▶ [YOUR ASSIGNMENT]:
Word for word, restate the records that come next, omitting the images.

▶ [Collected data]:
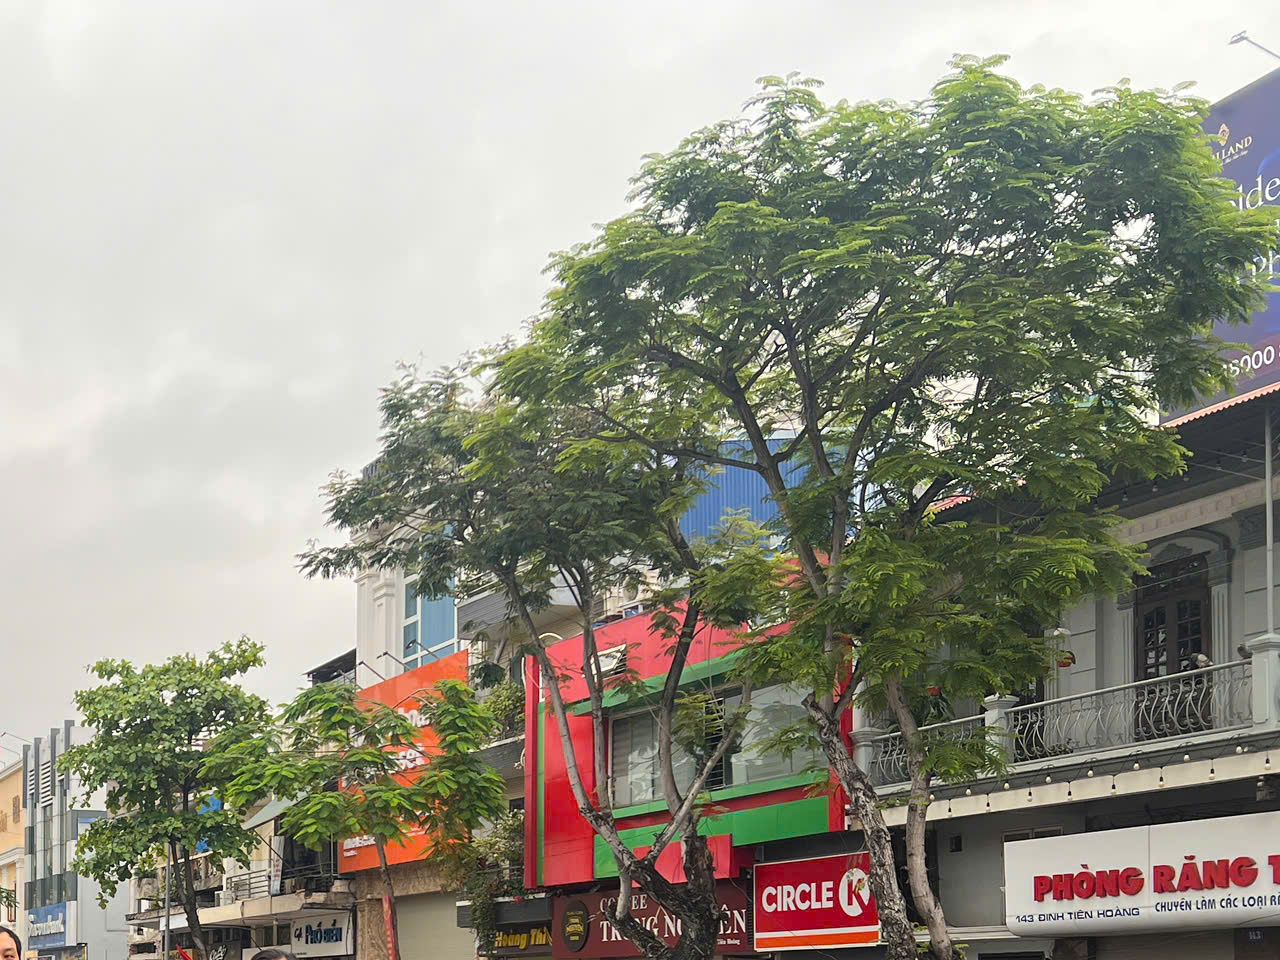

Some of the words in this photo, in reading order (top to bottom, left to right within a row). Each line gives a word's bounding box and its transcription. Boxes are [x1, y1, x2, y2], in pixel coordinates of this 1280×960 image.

[762, 881, 833, 912] CIRCLE
[841, 869, 870, 916] K
[1034, 864, 1144, 902] PHÒNG
[1153, 855, 1258, 893] RĂNG
[1016, 914, 1034, 922] 143
[1038, 912, 1065, 921] ĐINH
[1068, 910, 1093, 920] TIÊN
[1097, 906, 1140, 918] HOÀNG
[1155, 898, 1192, 912] CHUYÊN
[1196, 896, 1216, 910] LÀM
[1220, 893, 1238, 908] CÁC
[1242, 895, 1267, 909] LOẠI
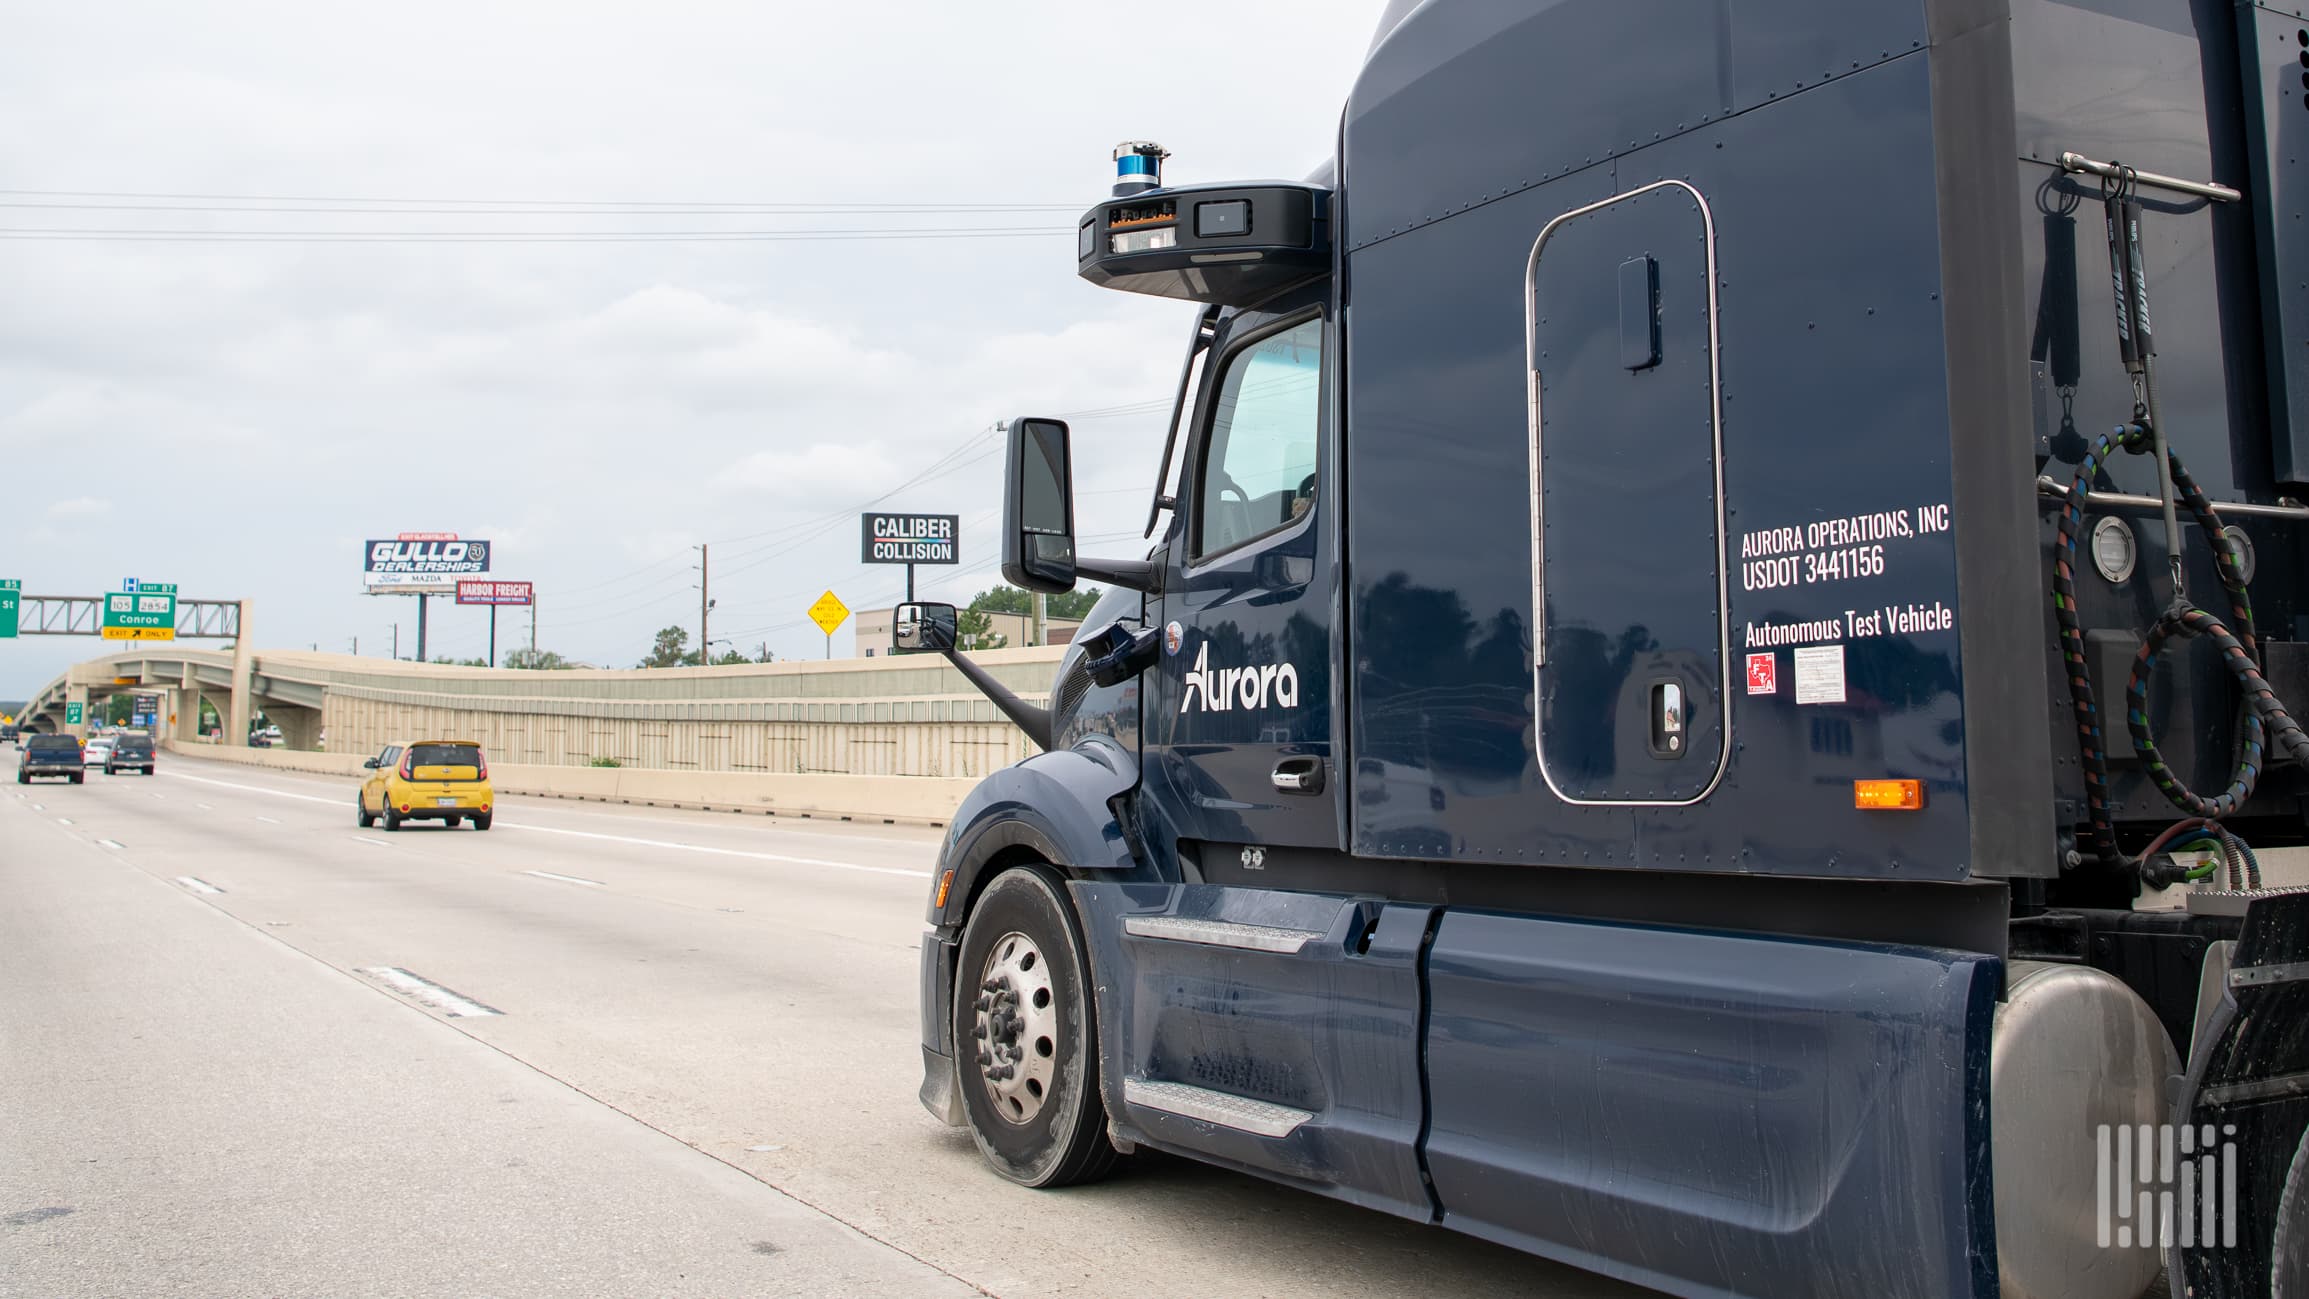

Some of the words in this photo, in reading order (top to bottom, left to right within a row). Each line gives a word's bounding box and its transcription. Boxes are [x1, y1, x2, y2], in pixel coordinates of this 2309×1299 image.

[2112, 271, 2129, 340] TRACKER
[2133, 269, 2151, 335] TRACKER
[874, 517, 951, 538] CALIBER
[1742, 525, 1804, 558] AURORA
[1808, 509, 1913, 549] OPERATIONS,
[1918, 504, 1950, 534] INC
[371, 542, 468, 562] GULLO
[873, 543, 952, 560] COLLISION
[372, 562, 483, 572] DEALERSHIPS
[1743, 556, 1800, 591] USDOT
[1805, 545, 1884, 583] 3441156
[162, 584, 174, 592] 87
[460, 583, 493, 596] HARBOR
[495, 583, 530, 597] FREIGHT
[2, 600, 14, 609] St
[113, 601, 130, 610] 105
[119, 614, 160, 625] Conroe
[1745, 618, 1841, 648] Autonomous
[1845, 610, 1882, 638] Test
[1886, 601, 1953, 635] Vehicle
[1180, 640, 1298, 713] Aurora

▶ [SOLUTION TO THIS TASK]:
Some of the words in this photo, in reading order (top to bottom, left to right within a row). Each line gives a word's bounding box and its transcription. Boxes are [x1, y1, x2, y2], in pixel coordinates of this 1280×960 image.

[762, 881, 833, 912] CIRCLE
[841, 869, 870, 916] K
[1034, 864, 1144, 902] PHÒNG
[1153, 855, 1258, 893] RĂNG
[1016, 914, 1034, 922] 143
[1038, 912, 1065, 921] ĐINH
[1068, 910, 1093, 920] TIÊN
[1097, 906, 1140, 918] HOÀNG
[1155, 898, 1192, 912] CHUYÊN
[1196, 896, 1216, 910] LÀM
[1220, 893, 1238, 908] CÁC
[1242, 895, 1267, 909] LOẠI

Some of the words in this photo, in reading order (top to bottom, left to right within a row). Each line gives a word's bounding box and its transcription. Boxes are [x1, y1, x2, y2], in pixel coordinates of this 2309×1299 image.

[2112, 271, 2129, 340] TRACKER
[2133, 269, 2151, 335] TRACKER
[874, 517, 951, 538] CALIBER
[1742, 525, 1804, 558] AURORA
[1808, 509, 1913, 549] OPERATIONS,
[1918, 504, 1950, 534] INC
[371, 542, 468, 562] GULLO
[873, 543, 952, 560] COLLISION
[372, 562, 483, 572] DEALERSHIPS
[1743, 556, 1800, 591] USDOT
[1805, 545, 1884, 583] 3441156
[162, 584, 174, 592] 87
[460, 583, 493, 596] HARBOR
[495, 583, 530, 597] FREIGHT
[2, 600, 14, 609] St
[113, 601, 130, 610] 105
[119, 614, 160, 625] Conroe
[1745, 618, 1841, 648] Autonomous
[1845, 610, 1882, 638] Test
[1886, 601, 1953, 635] Vehicle
[1180, 640, 1298, 713] Aurora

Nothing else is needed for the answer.